U.S. national security faces rising challenges from insider threats and organizational rigidity, a Stanford professor says.
Amy Zegart, co-director of the Center for International Security and Cooperation at Stanford and a senior fellow at the Hoover Institution, wrote in a new study that in the past five years, seemingly trustworthy U.S. military and intelligence insiders have been responsible for a number of national security incidents, including the WikiLeaks publications and the 2009 attack at Fort Hood in Texas that killed 13 and injured more than 30.
She defines "insider threats" as people who use their authorized access to do harm to the security of the United States. They could range from mentally ill people to "coldly calculating officials" who betray critical national security secrets.
In her research, which relies upon declassified investigations by the U.S. military, FBI and Congress, Zegart analyzes the Fort Hood attack and one facet of the insider threat universe – Islamist terrorists.
In this case, a self-radicalized Army psychiatrist named Nidal Hasan walked into a Fort Hood facility in 2009 and fired 200 rounds, killing 13 people and wounding dozens of others. The shooting spree remains the worst terrorist attack on American soil since 9/11 and the worst mass murder at a military site in American history, she added.
Zegart's study of insider and surprise attacks as well as academic research into the theory of organizations led her to some key insights about why the Army failed to prevent Hasan's attack when clues were clear:
• Routines can create hidden hazards. People in bureaucracies tend to continue doing things the same old way, even when they should not, Zegart said, and not just in America. In the Cuban missile crisis of 1962, for example, U.S. spy planes were able to spot Soviet missile installations in Cuba because the Soviets had built them exactly like they always had in the Soviet Union – without camouflage.
In the Fort Hood case, she said, bureaucratic procedures kept red flags about Hasan in different places, making them harder to detect.
• Career incentives and organizational cultures often backfire. As Zegart wrote, several researchers found that "misaligned incentives and cultures" played major roles in undermining safety before the Challenger space shuttle disaster.

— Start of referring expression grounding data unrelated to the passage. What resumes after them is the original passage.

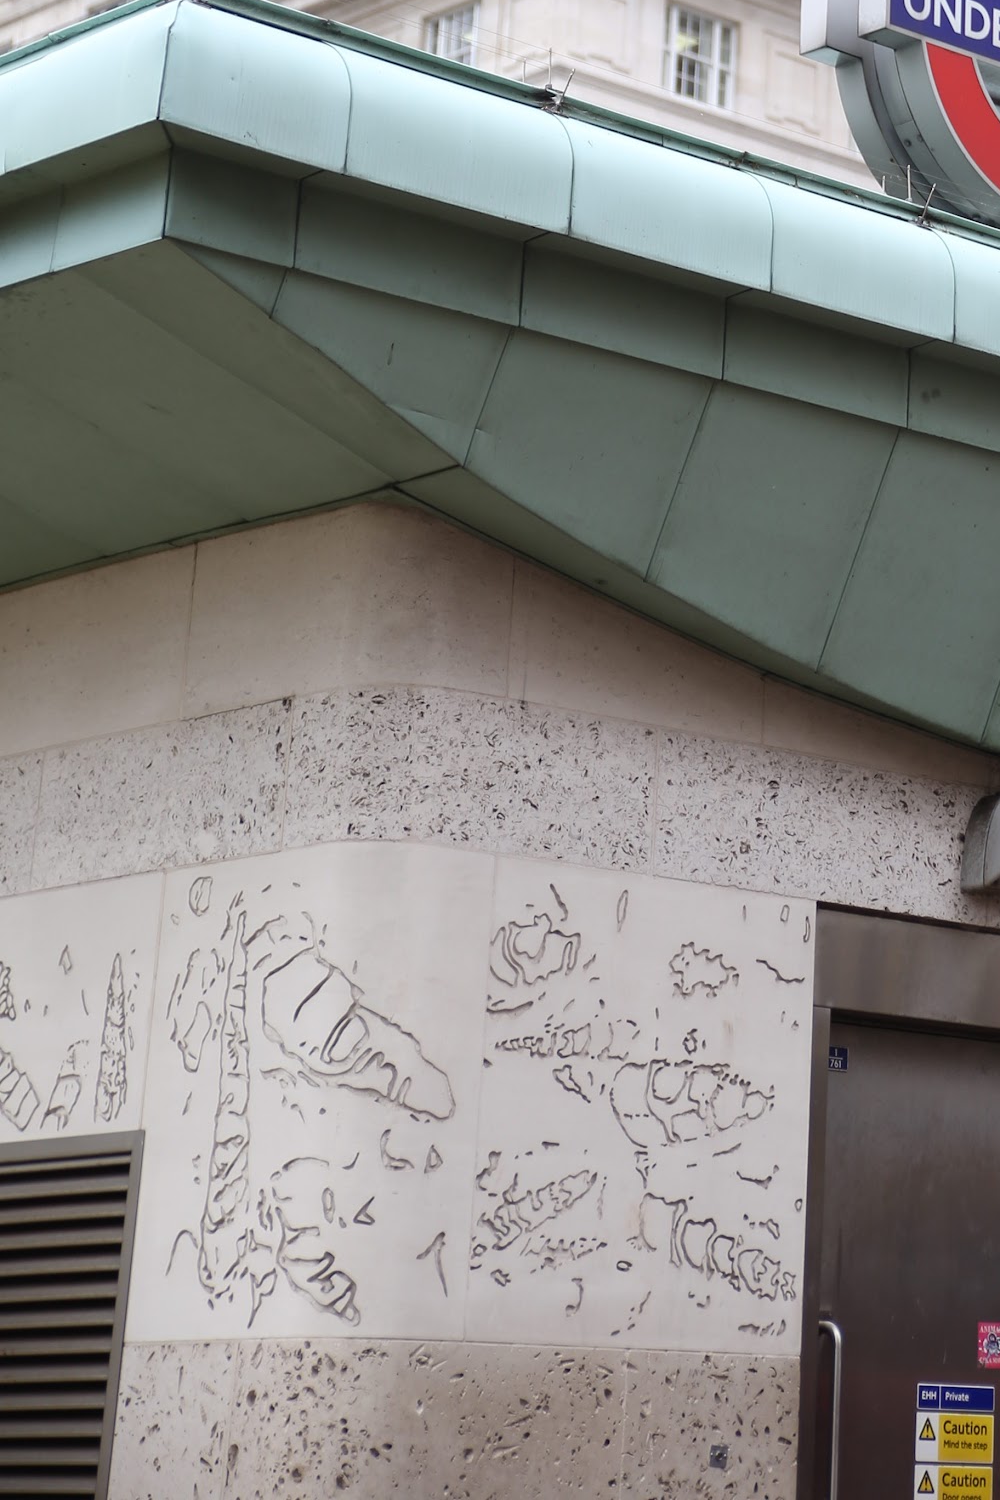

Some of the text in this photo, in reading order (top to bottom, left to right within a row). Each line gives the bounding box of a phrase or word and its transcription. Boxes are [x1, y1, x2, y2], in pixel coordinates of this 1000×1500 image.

[830, 1059, 842, 1069] 761
[921, 1390, 937, 1401] EHH
[945, 1391, 970, 1402] Private
[943, 1420, 988, 1436] Caution
[943, 1440, 988, 1452] Mind the step
[942, 1472, 986, 1488] Caution

Zegart's earlier research on 9/11 found the same dynamic played a role in the FBI's manhunt for two 9/11 hijackers just 19 days before their attack. Because the FBI's culture prized convicting criminals after the fact rather than preventing disasters beforehand, the search for two would-be terrorists received the lowest priority and was handled by one of the least experienced agents in the New York office.
• Organizations matter more than most people think. Robust structures, processes and cultures that were effective in earlier periods for other tasks proved maladaptive after 9/11.
In the case of the Fort Hood attack, the evidence suggests that government investigations, which focused on individual errors and political correctness (disciplining or investigating a Muslim American in the military) identified only some of the root causes, missing key organizational failures.
Hasan slipped through the cracks not only because people made mistakes or were prone to political correctness, but also because defense organizations "worked in their usual ways," according to Zegart.
In terms of organizational weaknesses, Hasan's Fort Hood attack signaled a new challenge for the U.S. military: rethinking what "force protection" truly means, Zegart said. Before 9/11, force protection reflected a physical protection or hardening of potential targets from an outside attack. Now, force protection has evolved to mean that the threats could come from within the Defense Department and from Americans, she added.
"For half a century, the department's structure, systems, policies and culture had been oriented to think about protecting forces from the outside, not the inside," Zegart wrote.
In the case of Hasan, the Defense Department failed in three different ways to identify him as a threat: through the disciplinary system, the performance evaluation system and the counter-terrorism investigatory system run jointly with the FBI through Joint Terrorism Task Forces.
"Organizational factors played a significant role in explaining why the Pentagon could not stop Nidal Hasan in time. Despite 9/11 and a rising number of homegrown Jihadi terrorist attacks, the Defense Department struggled to adapt to insider terrorist threats," Zegart wrote.
Another problem was that the Pentagon faced substantial manpower shortages in the medical corps – especially among psychiatrists. So the Defense Department responded to incentives and promoted Hasan, despite his increasingly poor performance and erratic behavior.
In addition, Zegart found the Defense Department official who investigated Hasan prior to the attack saw nothing amiss because he was the wrong person for the job – he was trained to ferret out waste, fraud and abuse, not counterterrorism, which is why he did not know how to look for signs of radicalization or counterintelligence risk.
"In sum, the Pentagon's force protection, discipline, promotion and counter-terrorism investigatory systems all missed this insider threat because they were designed for other purposes in earlier times, and deep-seated organizational incentives and cultures made it difficult for officials to change what they normally did," she wrote.
Zegart acknowledges the difficulties of learning lessons from tragedies like 9/11, the NASA space shuttle accidents and the 2009 Fort Hood shooting.
"People and organizations often remember what they should forget and forget what they should remember," she said, adding that policymakers tend to attribute failure to people and policies. While seemingly hidden at times, the organizational roots of disaster are much more important than many think, she added.